(Records to process)

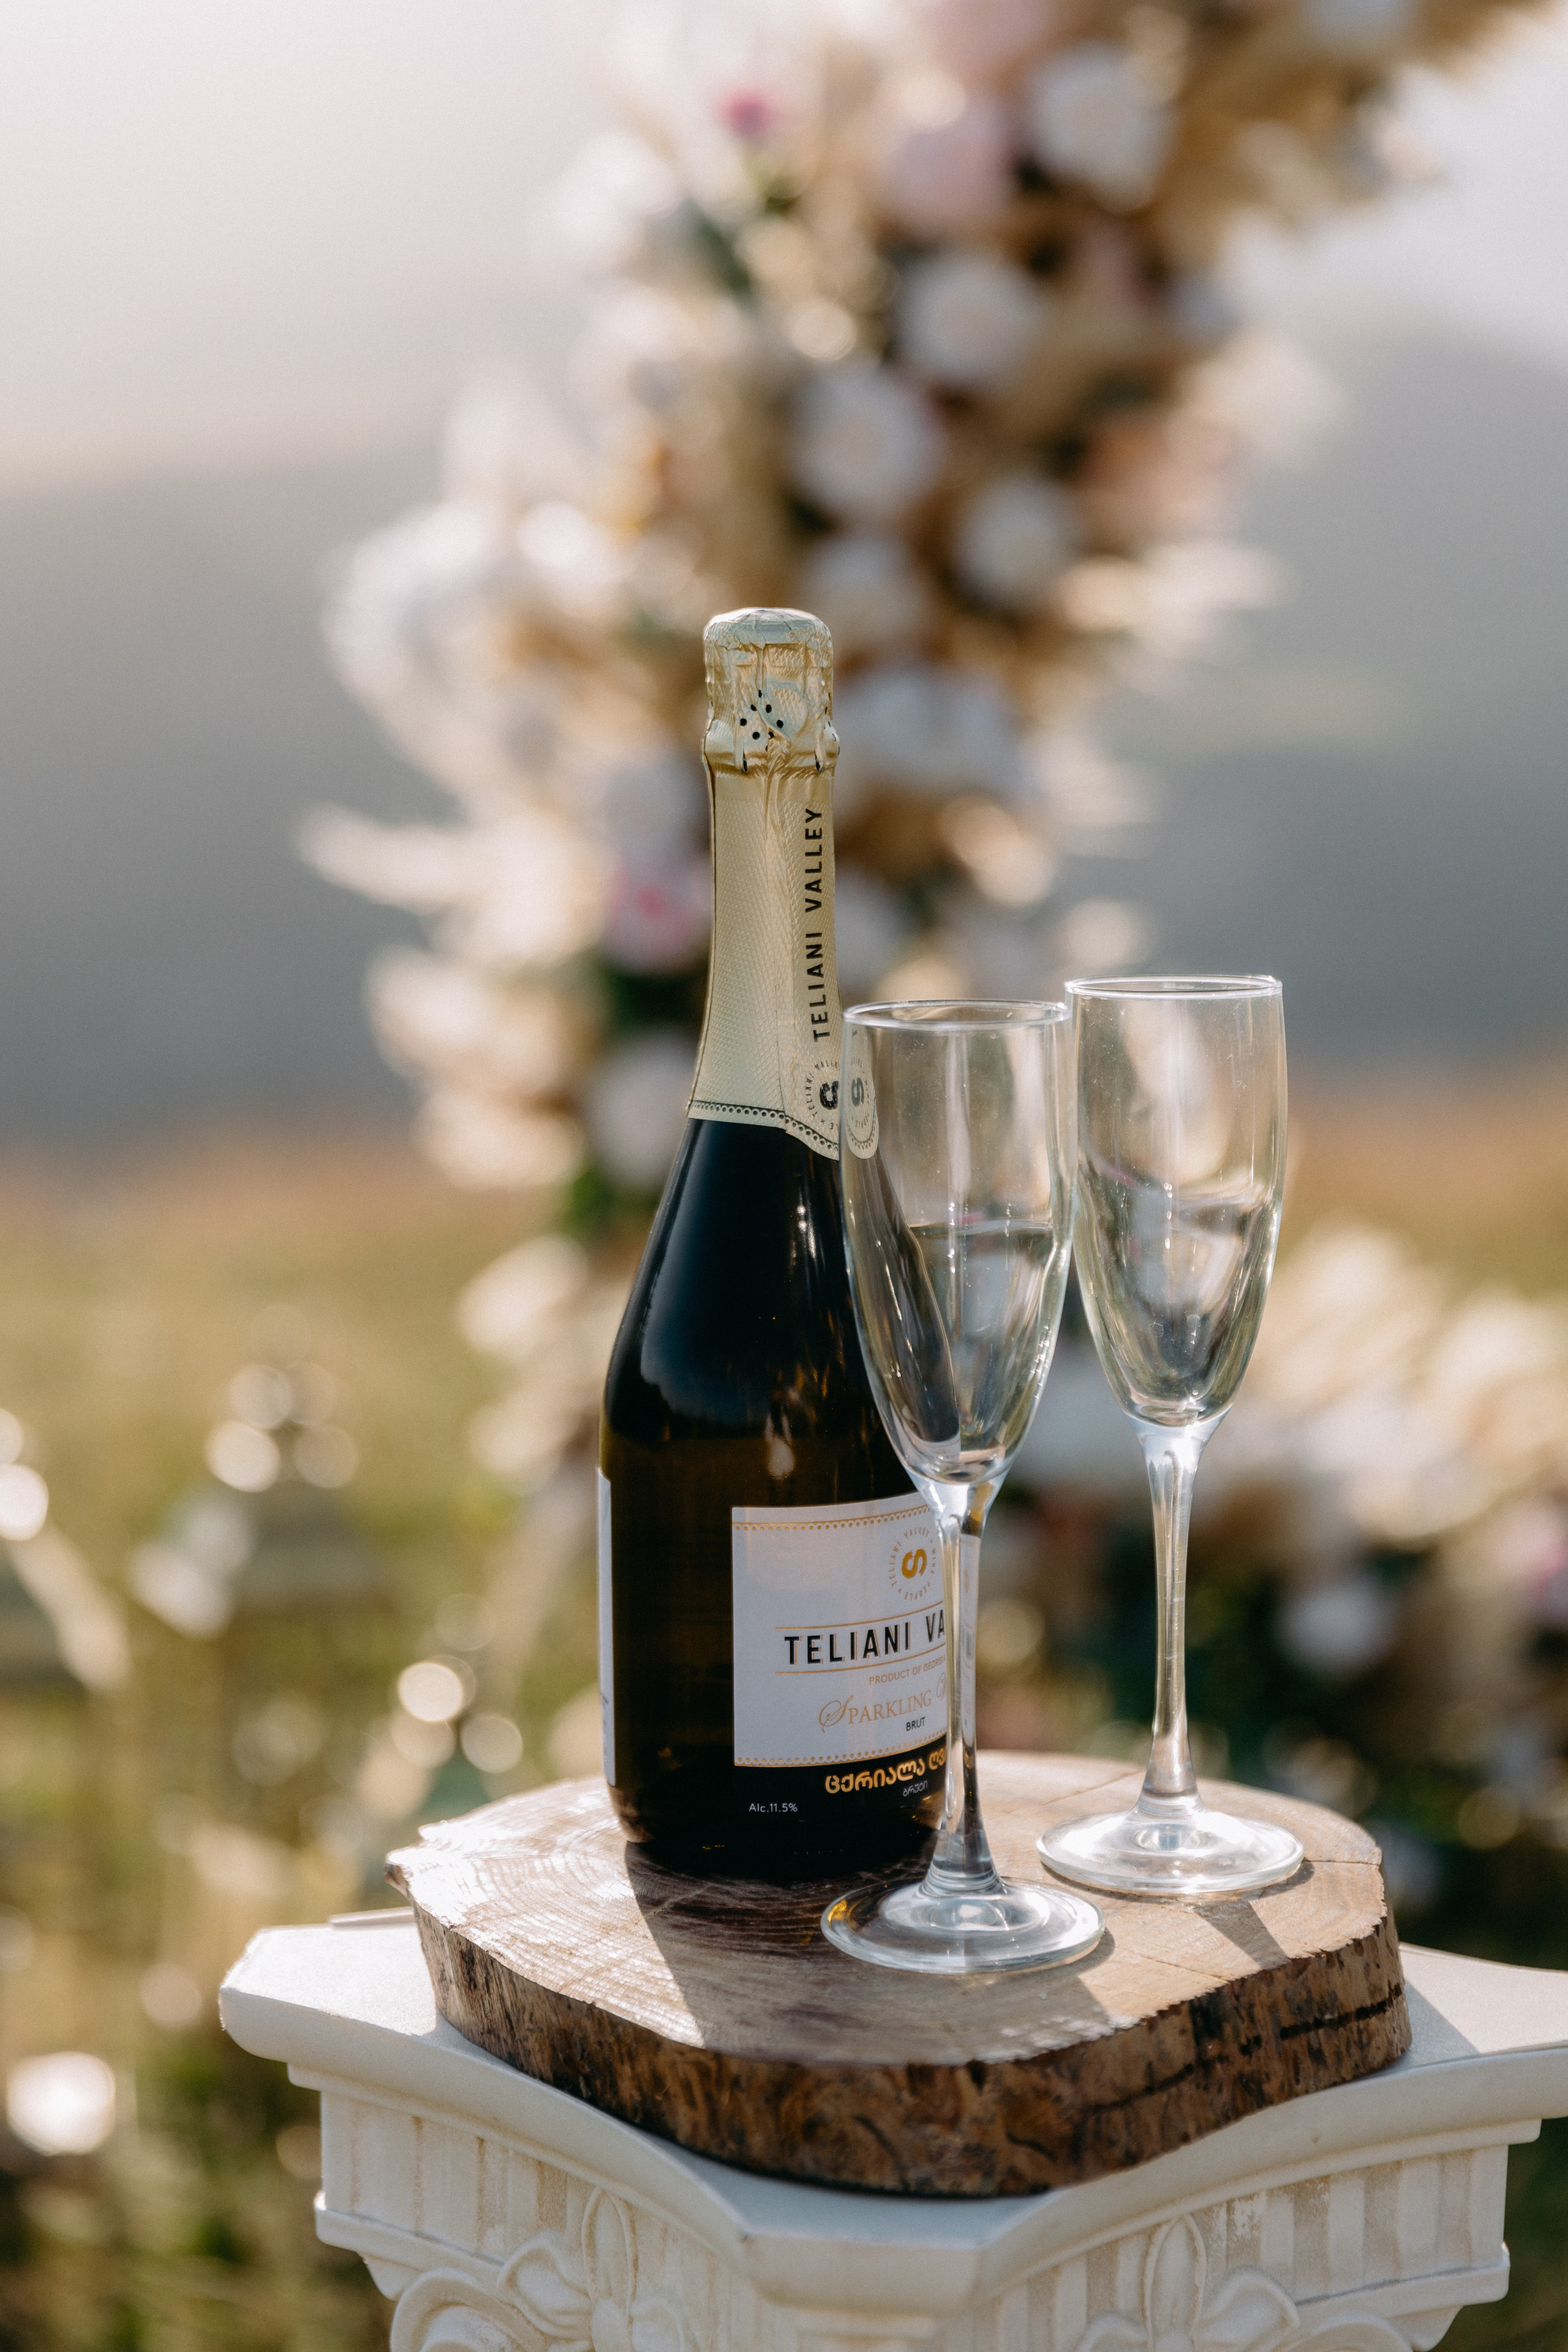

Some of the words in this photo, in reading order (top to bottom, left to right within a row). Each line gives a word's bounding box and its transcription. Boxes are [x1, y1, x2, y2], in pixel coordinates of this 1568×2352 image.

[805, 808, 823, 913] VALLEY
[806, 932, 831, 1043] TELIANI
[805, 1072, 818, 1118] TELIANI
[815, 1059, 840, 1071] VALLE
[889, 1541, 902, 1587] TELIANI
[903, 1526, 930, 1539] VALLEY
[784, 1621, 911, 1665] TELIANI
[925, 1609, 944, 1643] VA
[869, 1668, 910, 1686] PRODUCT
[911, 1664, 922, 1676] OF
[906, 1717, 925, 1732] BRUT
[825, 1758, 925, 1794] ცქრიალა
[748, 1803, 798, 1813] Alc.11.5%

(End Records to process)

_What is expected_
From the first line above to the last, reproduce the records exactly but without the pictures.

_Task result_
Some of the words in this photo, in reading order (top to bottom, left to right within a row). Each line gives a word's bounding box and its transcription. Boxes are [x1, y1, x2, y2], in pixel coordinates of this 1568×2352 image.

[805, 808, 823, 913] VALLEY
[806, 932, 831, 1043] TELIANI
[805, 1072, 818, 1118] TELIANI
[815, 1059, 840, 1071] VALLE
[889, 1541, 902, 1587] TELIANI
[903, 1526, 930, 1539] VALLEY
[784, 1621, 911, 1665] TELIANI
[925, 1609, 944, 1643] VA
[869, 1668, 910, 1686] PRODUCT
[911, 1664, 922, 1676] OF
[906, 1717, 925, 1732] BRUT
[825, 1758, 925, 1794] ცქრიალა
[748, 1803, 798, 1813] Alc.11.5%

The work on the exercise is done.